▸ **Activity**
Make an exact copy of every entry, leaving the pictures out.

--- Material to process ---

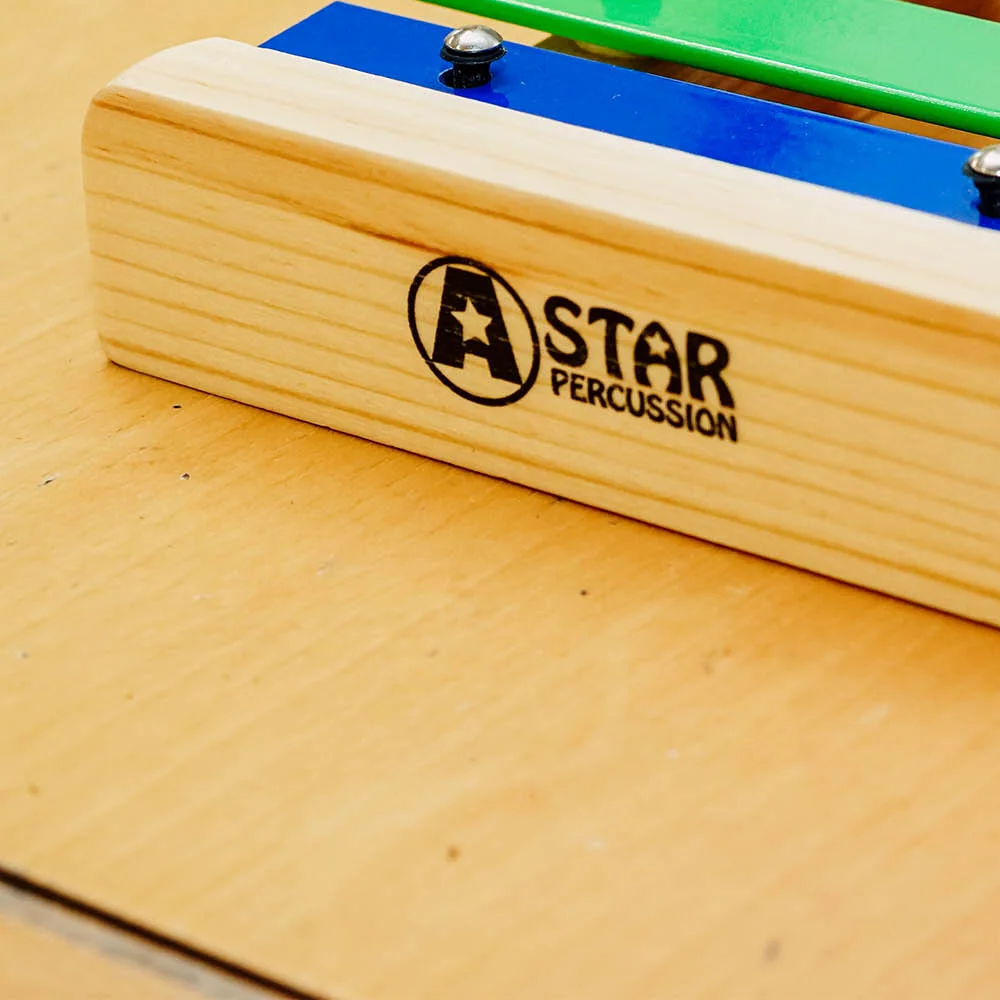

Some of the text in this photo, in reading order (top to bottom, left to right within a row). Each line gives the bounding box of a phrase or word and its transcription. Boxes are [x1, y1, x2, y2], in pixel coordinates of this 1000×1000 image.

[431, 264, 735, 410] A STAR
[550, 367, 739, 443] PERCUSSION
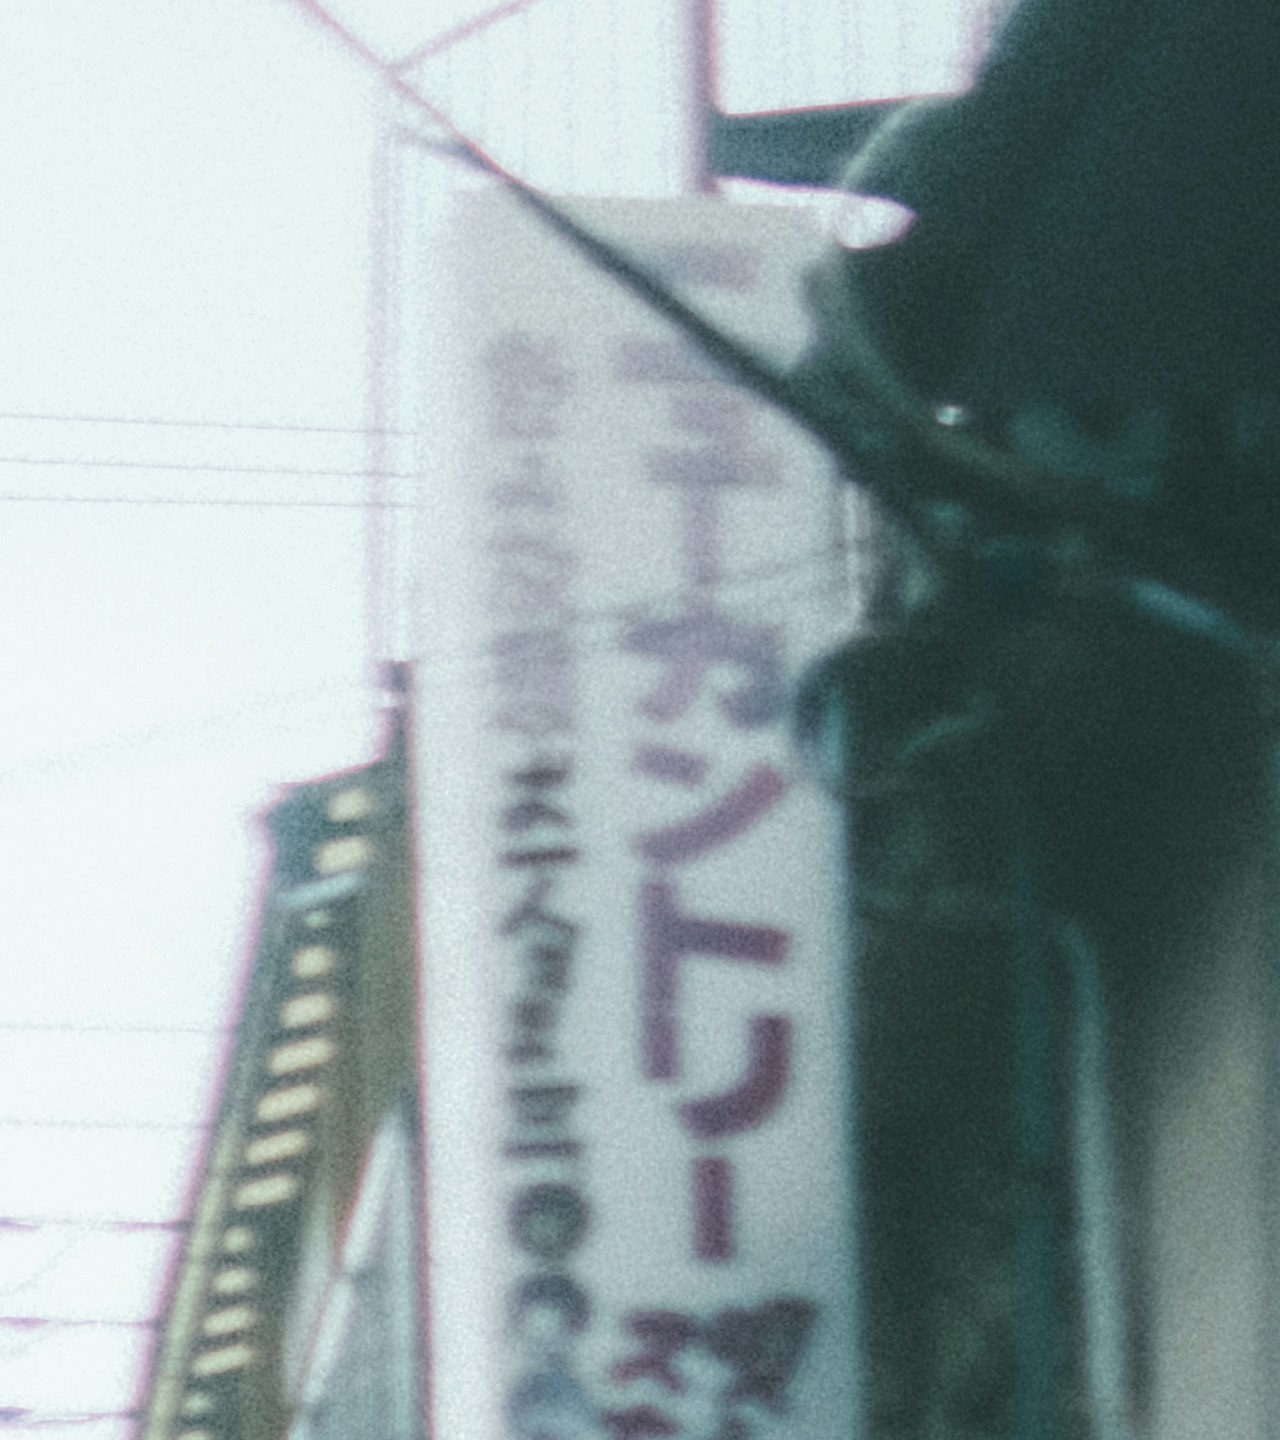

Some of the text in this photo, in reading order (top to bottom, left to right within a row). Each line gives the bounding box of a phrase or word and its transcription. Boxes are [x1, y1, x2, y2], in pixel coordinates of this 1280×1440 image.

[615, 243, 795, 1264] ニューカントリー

---

▸ **Final answer**
Some of the text in this photo, in reading order (top to bottom, left to right within a row). Each line gives the bounding box of a phrase or word and its transcription. Boxes are [x1, y1, x2, y2], in pixel coordinates of this 1000×1000 image.

[431, 264, 735, 410] A STAR
[550, 367, 739, 443] PERCUSSION

Some of the text in this photo, in reading order (top to bottom, left to right within a row). Each line gives the bounding box of a phrase or word and its transcription. Boxes are [x1, y1, x2, y2], in pixel coordinates of this 1280×1440 image.

[615, 243, 795, 1264] ニューカントリー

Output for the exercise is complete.